Makem meant everything to Timlin’s music–and his life. ” I was proud to say he was my friend and I will miss him sadly every day,” he says. ” ‘Onward and upward’ he would say and so ‘Onward and Upward Tommy.'”

Here’s what others have to say about Makem. First, Liam Clancy, who first made note of Tommy’s passing on his message board:

He was a friend and partner-in-song for over fifty years. We shared a great hunk of our lives together. We were a hell of a team. Tommy was a man of high integrity, honesty, and, at the end, courage. Our paths diverged at times but our friendship never waned. He was my brother every bit as much as my blood brothers.”

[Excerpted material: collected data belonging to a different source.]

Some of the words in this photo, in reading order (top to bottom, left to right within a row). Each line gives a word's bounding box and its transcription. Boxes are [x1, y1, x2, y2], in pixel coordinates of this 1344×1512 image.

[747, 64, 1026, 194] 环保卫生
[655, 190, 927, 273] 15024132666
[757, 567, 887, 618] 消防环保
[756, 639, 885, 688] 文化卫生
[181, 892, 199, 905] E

Irish President Mary McAleese:

‘In life, Tommy brought happiness and joy to hundreds of thousands of fans the world over. Always the consummate musician, he was also a superb ambassador for the country, and one of whom we will always be proud.”

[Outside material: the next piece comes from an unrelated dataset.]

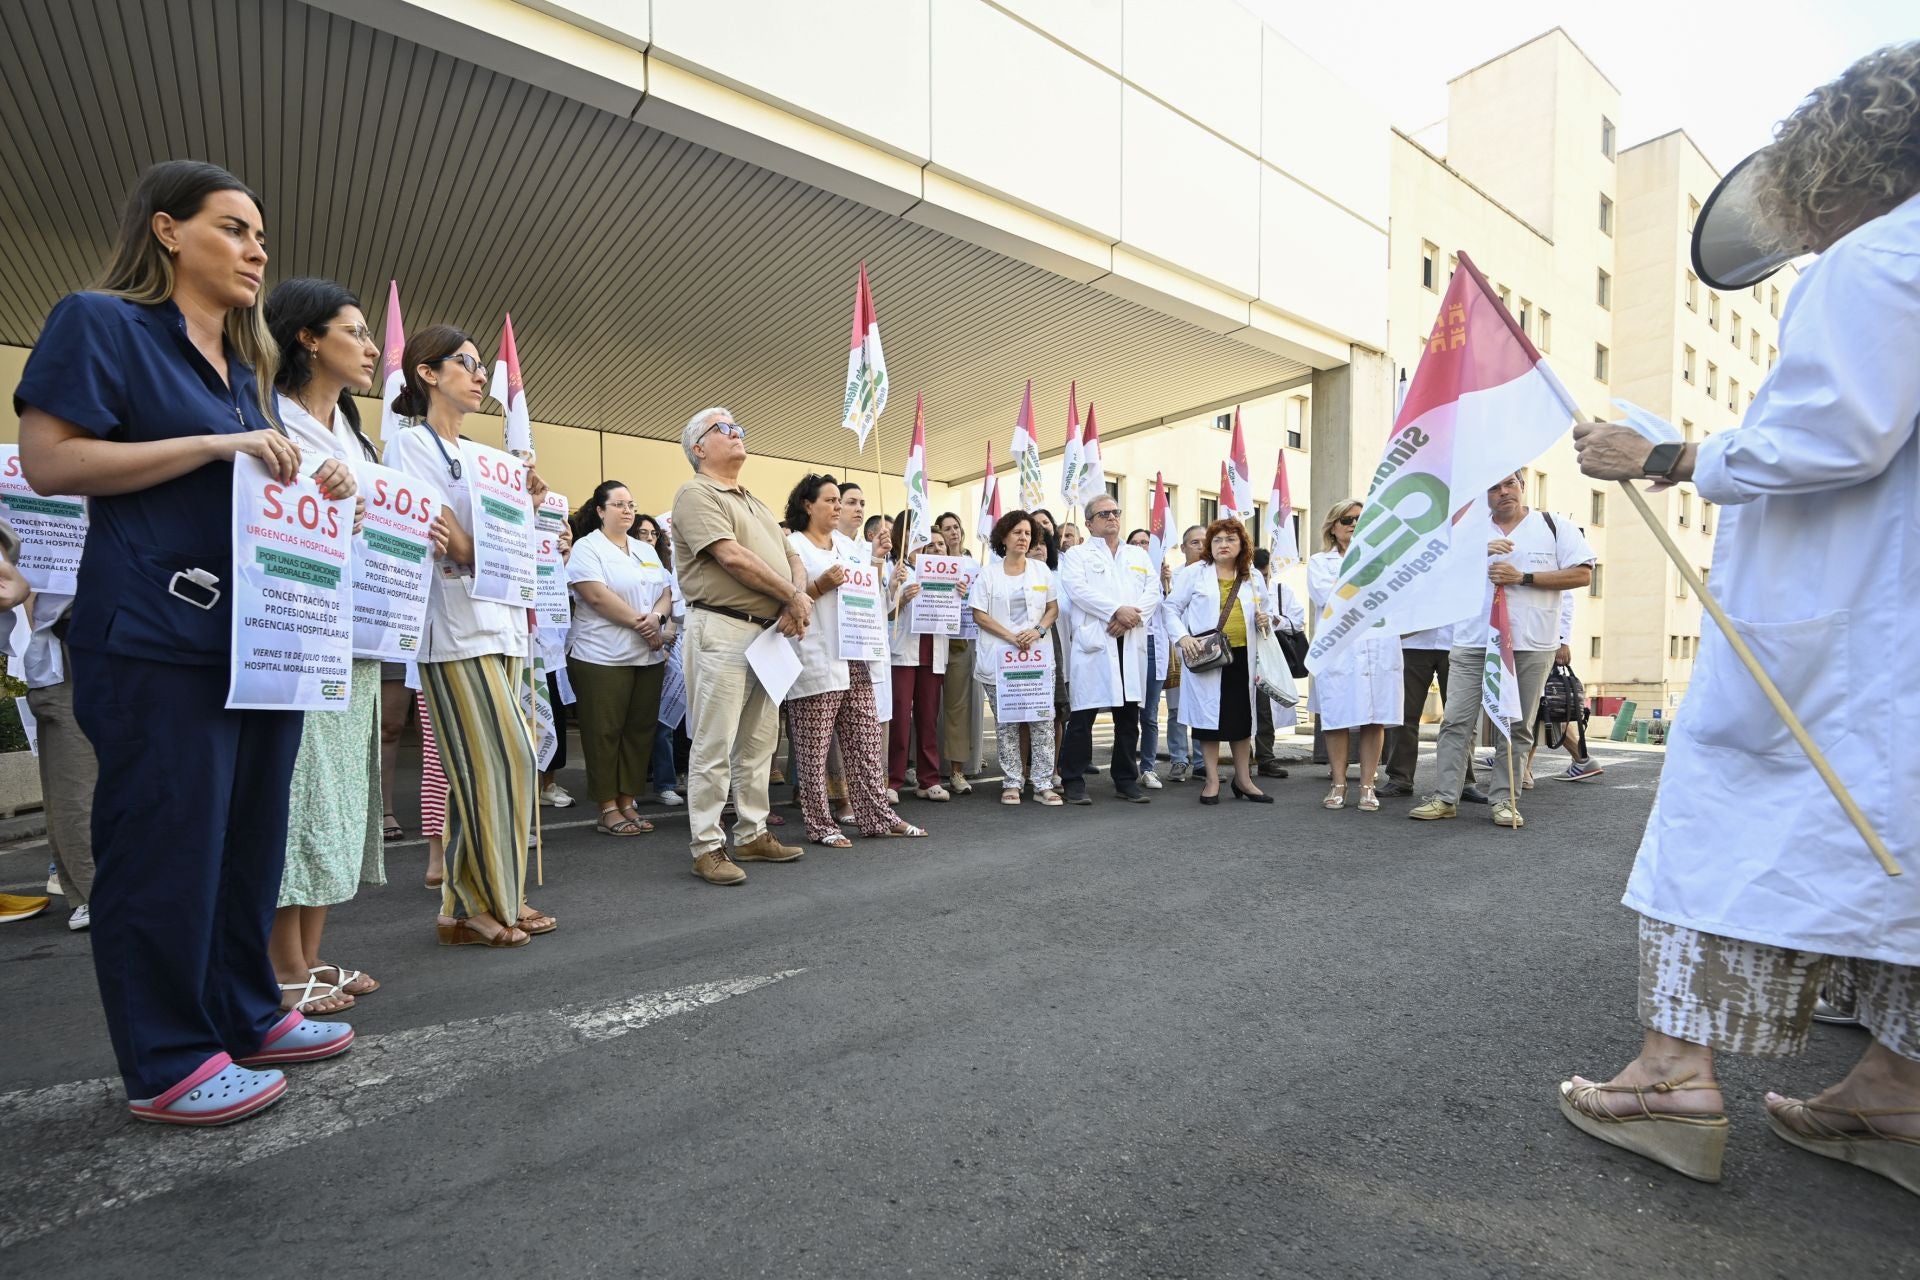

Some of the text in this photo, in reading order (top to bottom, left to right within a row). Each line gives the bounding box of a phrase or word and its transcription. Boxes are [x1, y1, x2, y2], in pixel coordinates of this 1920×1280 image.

Singer-songwriter Eugene Byrne, quoted in the Dover newspaper Foster’s Daily Democrat:

“Not one of us who play a note of Irish music on a guitar today would be playing if it wasn’t for Tommy Makem, along with the Clancys. He gave us pride in our country and our culture. Bono (U2’s lead singer) was influenced by him. Michael Flatley’s new show, Celtic Tiger, has Four Green Fields in it.”

From Marianne MacDonald, host of the local radio show, “Come West Along the Road” (Sundays from noon to 1 p.m. on WTMR-800 AM):

“One of the bright twinkling stars from the constellation of Irish music faded today.  We’ve lost the great Tommy Makem.  I was fortunate to have seen him at Appel Farms, the Guinness Fleadh and, years ago, at the Holmdel Arts Center when my mother dragged me to my first Irish Festival.”

From Ed Ward of the Milwaukee Irish Fest:

“I spoke to him about two weeks ago, the day after he returned from Ireland. We talked for about a half an hour about his trip, how wonderful it was to see the parade of people who came to visit him in the hotel, relatives, old friends, the archbishop. He said he was very sad when he boarded a plane to leave Ireland, clearly knowing he would not see it again.”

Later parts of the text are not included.